§ **What the task asks**
Repeat the records word for word, excluding any picture.

BEGIN Supplied data

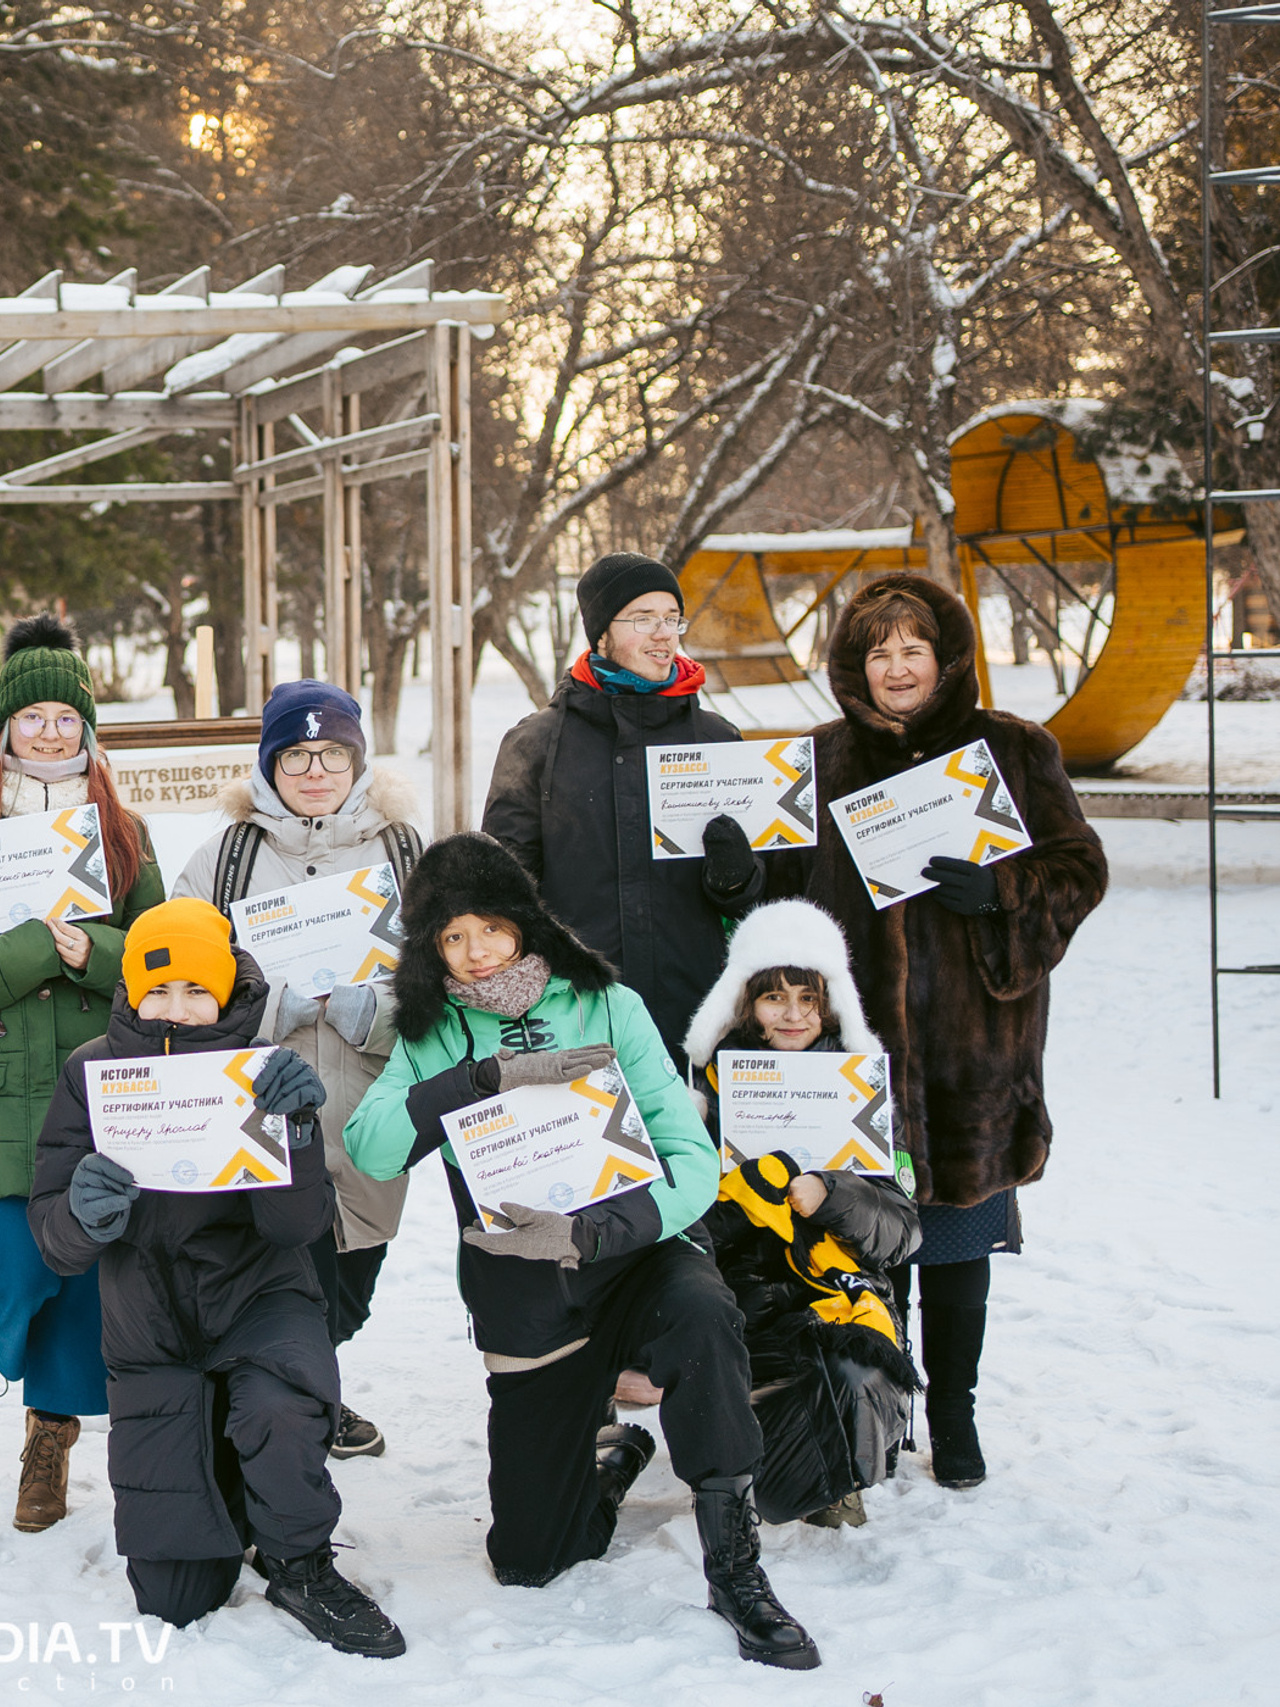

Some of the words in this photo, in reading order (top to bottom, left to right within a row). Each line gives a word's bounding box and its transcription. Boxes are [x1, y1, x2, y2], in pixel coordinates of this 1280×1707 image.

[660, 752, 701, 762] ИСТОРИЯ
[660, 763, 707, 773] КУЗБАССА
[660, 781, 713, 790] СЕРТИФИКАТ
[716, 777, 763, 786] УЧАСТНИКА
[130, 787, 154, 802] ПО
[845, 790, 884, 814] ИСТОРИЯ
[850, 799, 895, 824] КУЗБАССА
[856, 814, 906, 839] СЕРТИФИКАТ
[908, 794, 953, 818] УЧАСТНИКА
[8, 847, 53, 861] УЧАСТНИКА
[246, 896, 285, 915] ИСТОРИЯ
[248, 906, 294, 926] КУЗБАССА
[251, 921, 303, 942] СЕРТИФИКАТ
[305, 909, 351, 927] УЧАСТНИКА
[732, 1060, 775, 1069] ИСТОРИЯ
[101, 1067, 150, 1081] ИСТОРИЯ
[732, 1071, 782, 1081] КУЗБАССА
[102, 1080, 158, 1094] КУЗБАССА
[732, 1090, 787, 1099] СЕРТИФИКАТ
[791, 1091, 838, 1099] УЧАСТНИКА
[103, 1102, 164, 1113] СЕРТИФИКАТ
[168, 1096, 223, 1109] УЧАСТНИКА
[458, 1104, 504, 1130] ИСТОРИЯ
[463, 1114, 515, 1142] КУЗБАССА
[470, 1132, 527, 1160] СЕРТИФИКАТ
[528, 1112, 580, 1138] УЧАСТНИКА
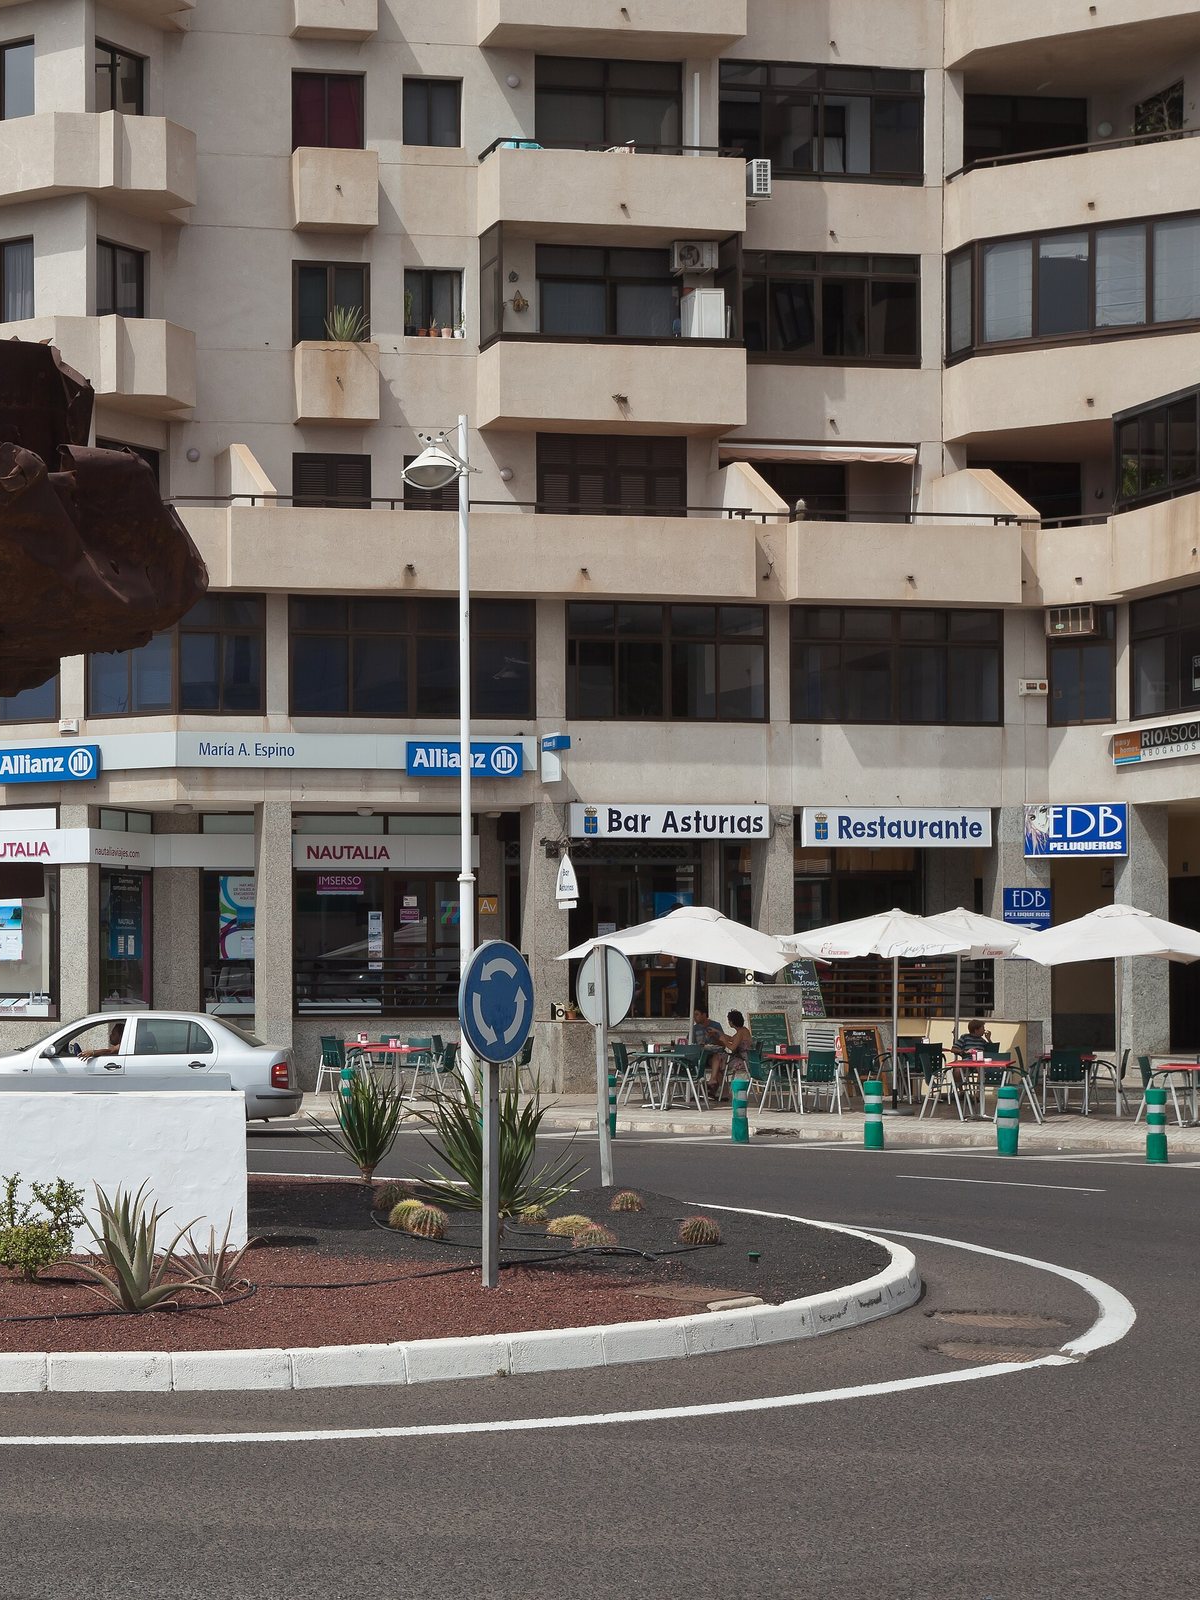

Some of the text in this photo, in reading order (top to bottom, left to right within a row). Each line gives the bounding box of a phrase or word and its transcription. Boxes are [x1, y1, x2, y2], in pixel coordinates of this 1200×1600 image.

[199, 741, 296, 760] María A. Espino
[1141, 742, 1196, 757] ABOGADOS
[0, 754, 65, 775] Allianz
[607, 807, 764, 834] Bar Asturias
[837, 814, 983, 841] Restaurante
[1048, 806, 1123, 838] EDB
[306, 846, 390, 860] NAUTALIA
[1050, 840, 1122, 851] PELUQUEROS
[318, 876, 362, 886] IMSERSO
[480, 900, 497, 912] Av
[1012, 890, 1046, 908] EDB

END Supplied data

§ **Problem solution**
Some of the words in this photo, in reading order (top to bottom, left to right within a row). Each line gives a word's bounding box and its transcription. Boxes are [x1, y1, x2, y2], in pixel coordinates of this 1280×1707 image.

[660, 752, 701, 762] ИСТОРИЯ
[660, 763, 707, 773] КУЗБАССА
[660, 781, 713, 790] СЕРТИФИКАТ
[716, 777, 763, 786] УЧАСТНИКА
[130, 787, 154, 802] ПО
[845, 790, 884, 814] ИСТОРИЯ
[850, 799, 895, 824] КУЗБАССА
[856, 814, 906, 839] СЕРТИФИКАТ
[908, 794, 953, 818] УЧАСТНИКА
[8, 847, 53, 861] УЧАСТНИКА
[246, 896, 285, 915] ИСТОРИЯ
[248, 906, 294, 926] КУЗБАССА
[251, 921, 303, 942] СЕРТИФИКАТ
[305, 909, 351, 927] УЧАСТНИКА
[732, 1060, 775, 1069] ИСТОРИЯ
[101, 1067, 150, 1081] ИСТОРИЯ
[732, 1071, 782, 1081] КУЗБАССА
[102, 1080, 158, 1094] КУЗБАССА
[732, 1090, 787, 1099] СЕРТИФИКАТ
[791, 1091, 838, 1099] УЧАСТНИКА
[103, 1102, 164, 1113] СЕРТИФИКАТ
[168, 1096, 223, 1109] УЧАСТНИКА
[458, 1104, 504, 1130] ИСТОРИЯ
[463, 1114, 515, 1142] КУЗБАССА
[470, 1132, 527, 1160] СЕРТИФИКАТ
[528, 1112, 580, 1138] УЧАСТНИКА

Some of the text in this photo, in reading order (top to bottom, left to right within a row). Each line gives the bounding box of a phrase or word and its transcription. Boxes are [x1, y1, x2, y2], in pixel coordinates of this 1200×1600 image.

[199, 741, 296, 760] María A. Espino
[1141, 742, 1196, 757] ABOGADOS
[0, 754, 65, 775] Allianz
[607, 807, 764, 834] Bar Asturias
[837, 814, 983, 841] Restaurante
[1048, 806, 1123, 838] EDB
[306, 846, 390, 860] NAUTALIA
[1050, 840, 1122, 851] PELUQUEROS
[318, 876, 362, 886] IMSERSO
[480, 900, 497, 912] Av
[1012, 890, 1046, 908] EDB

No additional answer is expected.